The United Nations (UN) agreed to a new framework for global drug control: a Ministerial Declaration ‘Strengthening our actions at the national, regional and international levels to accelerate the implementation of our joint commitments to address and counter the world drug problem’. The text of the Declaration is available.

The International Drug Policy Consortium expresses disappointment following the UN’s adoption of a 10-year global drug strategy that fails to deal with the realities and the devastating impacts of punitive drug policies.

In the lead up to this Ministerial Segment, IDPC called repeatedly on Member States to formally and honestly evaluate progress made towards the overarching goal, in the 2009 Political Declaration, to significantly reduce or eliminate the illicit drug market, as well as in the implementation of the UNGASS Outcome Document.
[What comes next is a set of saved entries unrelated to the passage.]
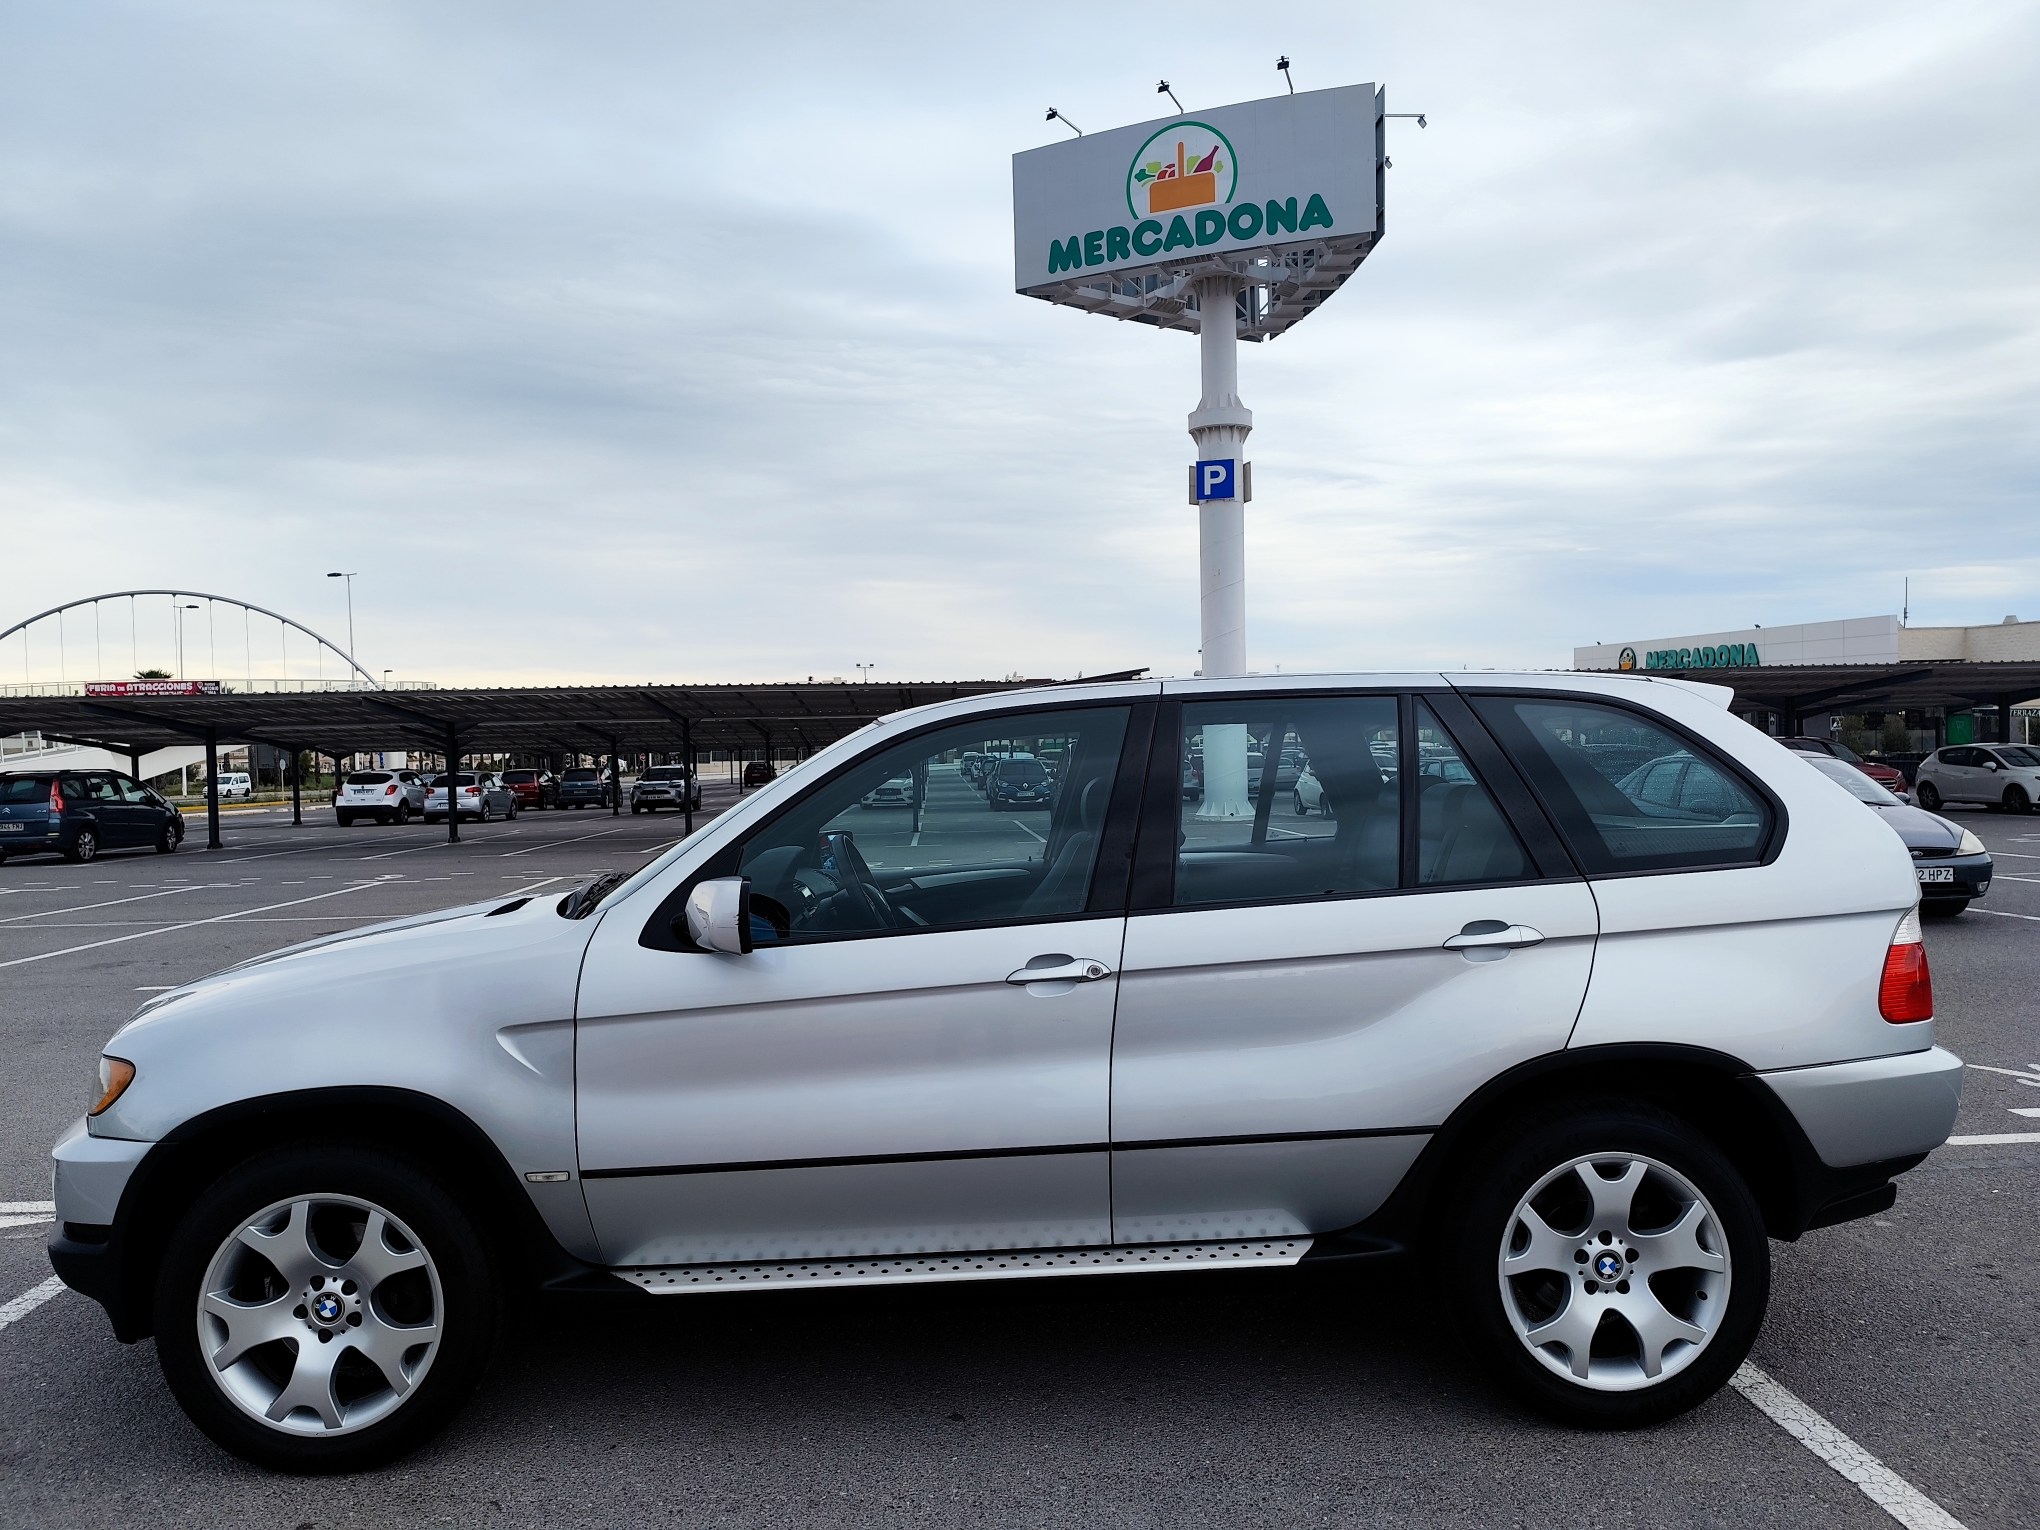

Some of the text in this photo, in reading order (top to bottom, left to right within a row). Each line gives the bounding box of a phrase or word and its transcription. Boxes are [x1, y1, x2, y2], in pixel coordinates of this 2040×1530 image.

[1048, 193, 1334, 274] MERCADONA
[1204, 465, 1227, 496] P
[1645, 642, 1760, 669] MERCADONA
[89, 684, 116, 692] FERIA
[126, 682, 193, 692] ATRACCIONES
[1928, 869, 1951, 881] HPZ
Unfortunately, a formal and comprehensive review of the past decade of drug policies was not conducted by governments or the UNODC.

In the statement issued, IDPC pointed that governments the world over have utterly failed to make any progress in achieving a drug-free world. Over the past decade, there has been a 31% increase in the number of people who use drugs and an unprecedented rise in the cultivation of opium and coca. Organised crime has also flourished, with the illicit drug trade estimated to now be worth between USD 426 to 652 billion.

In blindly striving for a drug-free world, drug policies have had devastating consequences:

  • Half a million preventable deaths by overdoses and from HIV, hepatitis C and tuberculosis in 2015 alone
  • A global epidemic of pain which has left 75% of the world’s population without access to pain relief
  • Severe human rights violations, including mass incarceration, 3,940 executions, and tens of thousands of extrajudicial and other unlawful killings.

Unfortunately, the so-called ‘Vienna consensus’ won out and has once again stifled progress in UN drug policy. Even though the document includes a bleak acknowledgement of the scale of the problem, it re-commits the international community to another decade focusing on the elimination of the illicit drug market.

Ann Fordham, IDPC Executive Director, said: “Although some progress has been made in the new Declaration compared to ten years ago, it is disappointing that governments cannot be honest about how repressive drug policies drive devastating harms, more so than the drugs themselves. The consensus-based UN drugs debate has led to the unfortunate recycling of failed and flawed rhetoric that must be called out. Governments would do well to reflect on the evidence before them from the UN system as well as civil society.